Il y a quelques semaines, j’ai eu l’occasion d’assister à une conférence sur le thème Jeux Vidéo et Cinéma: convergence ou concurrence[sup]1[/sup]. J’ai gardé quelques notes là-dessus et plutôt que de les archiver dans un classeur papier, je me suis dit que les partager serait sympa. C’est vrai, ça peut faire chic de placer dans une conversation qu’ATARI représentait 48% du CA de Warner Bros. en 1982, pendant le crash E.T…

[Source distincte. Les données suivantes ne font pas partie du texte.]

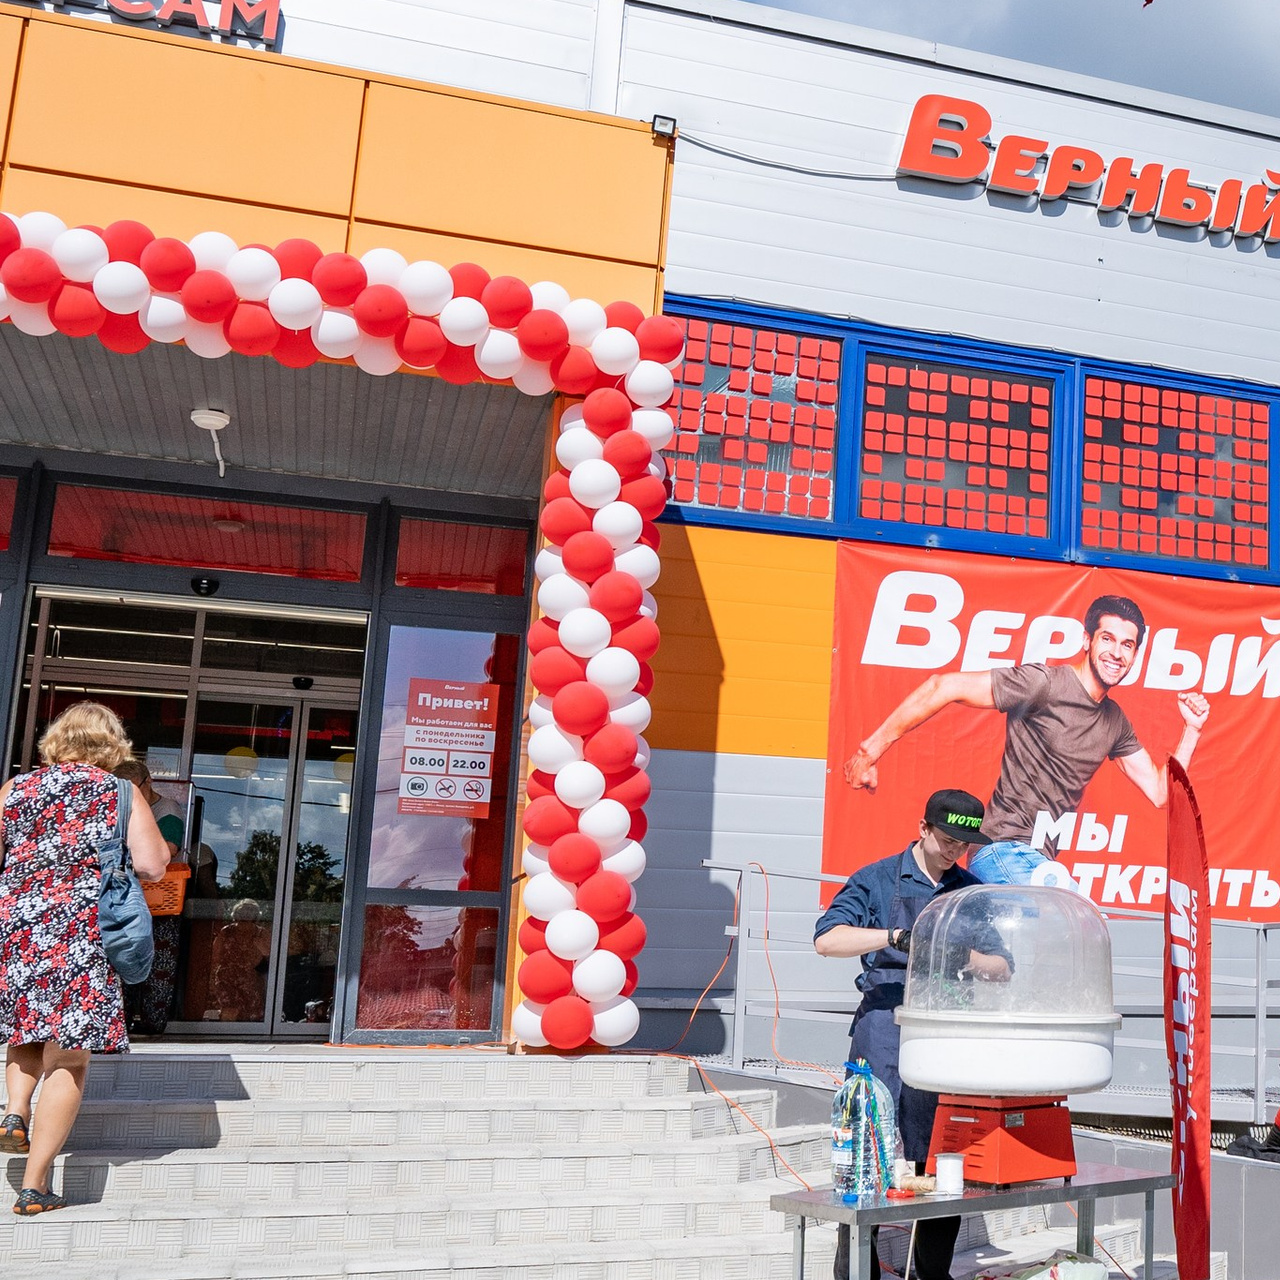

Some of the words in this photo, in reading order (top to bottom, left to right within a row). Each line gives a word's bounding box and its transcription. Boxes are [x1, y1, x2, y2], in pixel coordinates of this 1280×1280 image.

Plus précisément, je vais essayer de vous faire un petit point sur le financement de la création d’un JV (parce que la conférence à dévié largement là-dessus et aussi parce que c’est un peu mon secteur, voyez-vous). Oh, certes, il y a pour ça l’AFJV et le JIRAF, et loin de moi l’idée de faire aussi bien et complet que les dossiers de ces sites, mais j’espère que ces petites anecdotes et pensées permettront à certains de mieux cerner les aspects financiers du développement de JV et de comprendre que c’est quand même un sacré business. Après tout, sur la Zone, on rêve tous d’en faire partie un jour, non ?
Un tiers de théorie.
Cinéma, JV, BD, même combat : il faut convaincre quelqu’un d’investir dans votre idée. En effet, peu de développeurs ont des fonds propres suffisants pour subvenir à la création d’un jeu, même une simple démo. Là où les producteurs de cinéma peuvent s’allier pour mettre en commun leurs fonds publics d’aide avant de constituer le reste du financement, les développeurs n’ont qu’une alternative : un éditeur, l’équivalent pour un producteur d’une chaîne de TV[sup]2[/sup]. L’éditeur avalise ou non le produit, le finance et se paie dessus. Il décide aussi de sortir le titre sur certaines plates-formes ou non et fixe le niveau de qualité minimum (le QA, c’est lui !). Il va également se charger de trouver un distributeur et de la campagne promotionnelle du titre dans certains cas. Oui, c’est du boulot tout ça.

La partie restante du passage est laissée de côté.